Je dois attendre que
les trois autres débarquent. Ils ne
vont pas résister cette fois, je le sens. Ils aiment l’odeur de ma sueur quand
il fait chaud. Je l’ai compris il y a environ dix ans : j’étais au bord d’une plage, en train de flemmarder
au soleil avec ma femme, quand je les ai vus pour la première fois. On ne me la
fait pas : j’ai donc choisi une journée estivale pour les exterminer. Même
la météo pouvait contrarier mes plans. Mais là, il fait vraiment chaud, presque
lourd. Le temps va tourner à l’orage, à n’en pas douter. Pas grave : ça
couvrira le bruit…
Je reste toujours face
à eux. Ne jamais leur tourner le dos est une règle d’or. J’ai commis l’erreur une fois, pas deux. La femelle avait alors voulu me mordre au sang. Le mâle
s’était ensuite jeté sur elle, non pas pour me sauver, mais pour défendre son
bon de gras : il ne supporte pas que l’on touche à son garde-manger ni à
ses jouets. Je m’en étais sorti cette fois encore, grâce à l’apparition de la
nuit : ils ne vivent que le jour. Je me demande si ces deux-là s’étaient accouplés après leur
dispute…
Je vois leurs babines
frétiller. J’ai lentement sorti le plateau qui contient la viande, sans geste
brusque. J’aurais pu parier sur leurs préférences culinaires. Je jette environ dix morceaux de viande un peu au hasard
devant eux. Ils se ruent dessus. Et ils se sont encore rapprochés. Une fois
qu’ils auront passé la ligne fatidique que je me suis tracée mentalement,
j’appuierai sur le détonateur. Mais ils sont encore un peu trop loin…
J’espère avoir assez de
viande.
L’atmosphère est
étouffante. Une goutte de sueur perle à mon front. Le ciel commence vaguement à
s’assombrir et j’entends au loin le tonnerre de façon assourdie.
Leurs yeux rouges ne me
quittent pas du regard, même lorsqu’ils dévorent la chair. Je vérifie une
énième fois que le détonateur est bien dans ma poche de veste. Je jette encore
de la nourriture, plus près de moi, cette fois.
Le mâle dominant arrête
les autres d’un mouvement de tête. Il me défie. J’essaye de sourire et de
montrer mes paumes retournées, vides. Il renifle. Grogne un peu. Vas-y, grogne,
je suis habitué, depuis le temps.
Il donne le feu vert
aux autres. Ils avancent lentement quand même. Je n’en peux plus, l’air est si
moite ! Le tonnerre se rapproche. Allez, avancez, bon sang ! Qu’on en
finisse ! Que vous me foutiez enfin la paix…
Ça y est, ils y sont.
Là, j’ai une chance de les avoir. Je savoure l’instant. J’entends le clapotis
de quelques premières gouttes dehors. Je souris vaguement. Je n’ai pas souri
depuis des années, je crois. Ma main est au-dessus de ma poche. Je suis prêt.

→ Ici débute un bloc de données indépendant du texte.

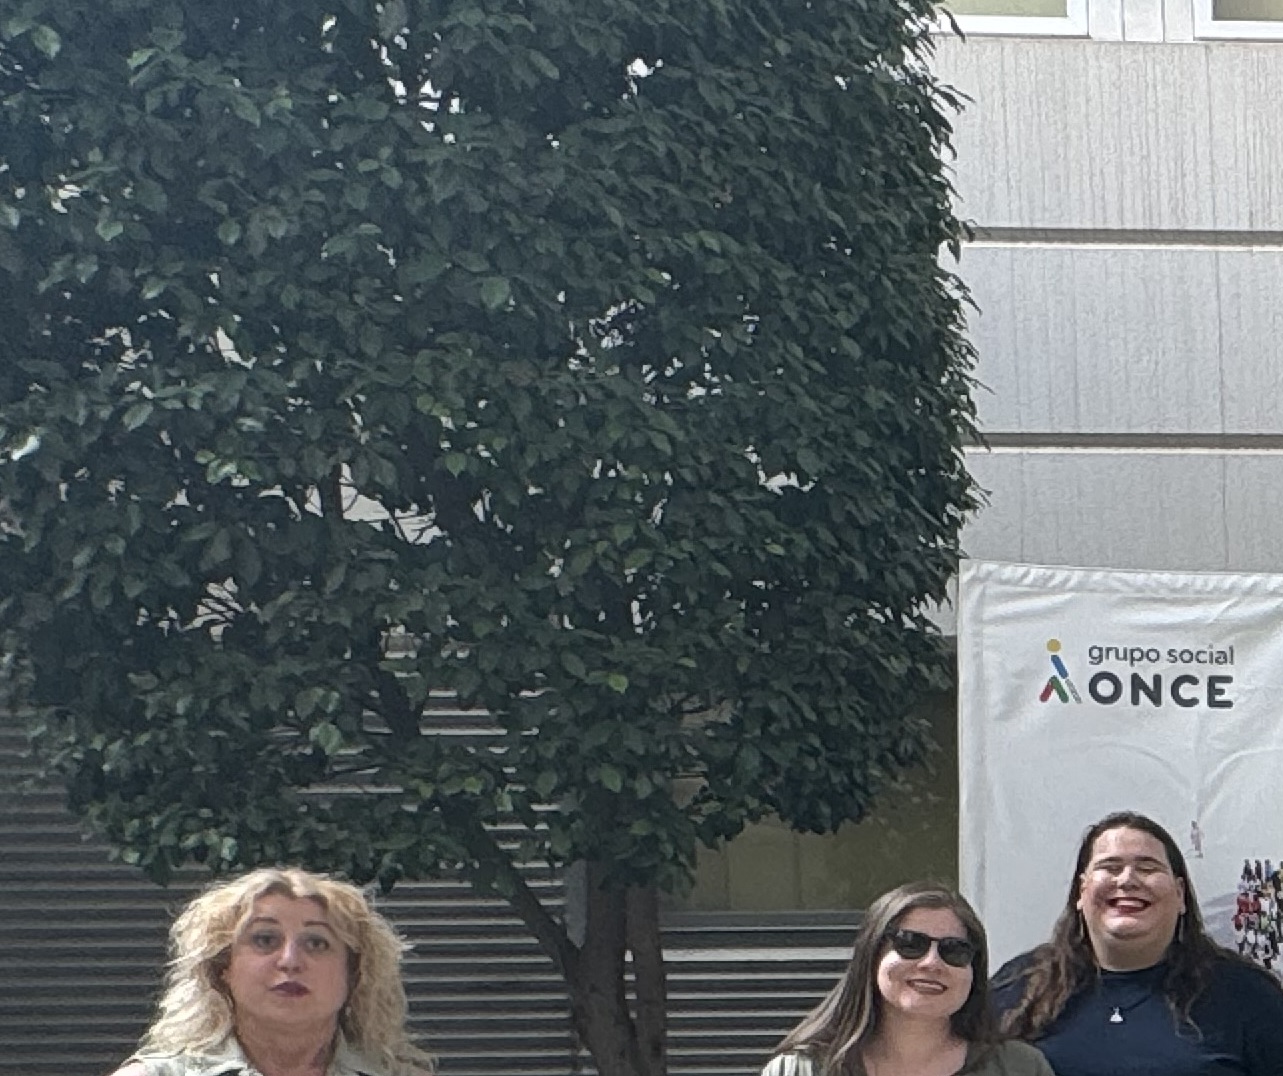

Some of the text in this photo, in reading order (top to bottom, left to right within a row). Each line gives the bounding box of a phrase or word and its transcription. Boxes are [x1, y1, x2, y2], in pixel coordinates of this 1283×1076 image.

[1088, 644, 1234, 667] grupo social
[1088, 671, 1234, 708] ONCE

Je suis si prêt de la libération…
Mais
non ! NON ! C’est le noir ! Les plombs ont sauté !
Non ! J’allais enfin vous tuer ! NON !
_ P’tain, j’en ai marre
de c’lui-là ! Il n’a qu’une
piqûre par jour, mais quel bastringue à chaque fois !
_ Ouais, je sais :
les autres tarés de l’étage sont plus faciles à gérer. Tu les bourres de
quelques cachets, et hop, i’s’tiennent à carreau.
_ Va encore falloir que
je lui mettre deux baffes pour l’calmer.
_ Vas-y mollo quand
même : on sait pas c’qu’i’ raconte aux psy’…
_ Allez, c’est bon, il
a eu sa piquouze : éteins la lumière. On est tranquille jusqu’à demain.
Consigne 65 : insérer cet incipit quelque part -> "Au moment où le réveil a sonné, j'ai regretté
d'avoir accepté ce voyage." (La fascination du pire, de
Florian Zeller).
Au moment où le réveil
a sonné, j'ai regretté d'avoir accepté ce voyage. J’aurais dû dire non à ce
énième trajet, mais le capitaine 47 était cloué au lit. J’étais le seul pilote
disponible. J’en ai pourtant plein les pattes, et le décalage horaire me tue.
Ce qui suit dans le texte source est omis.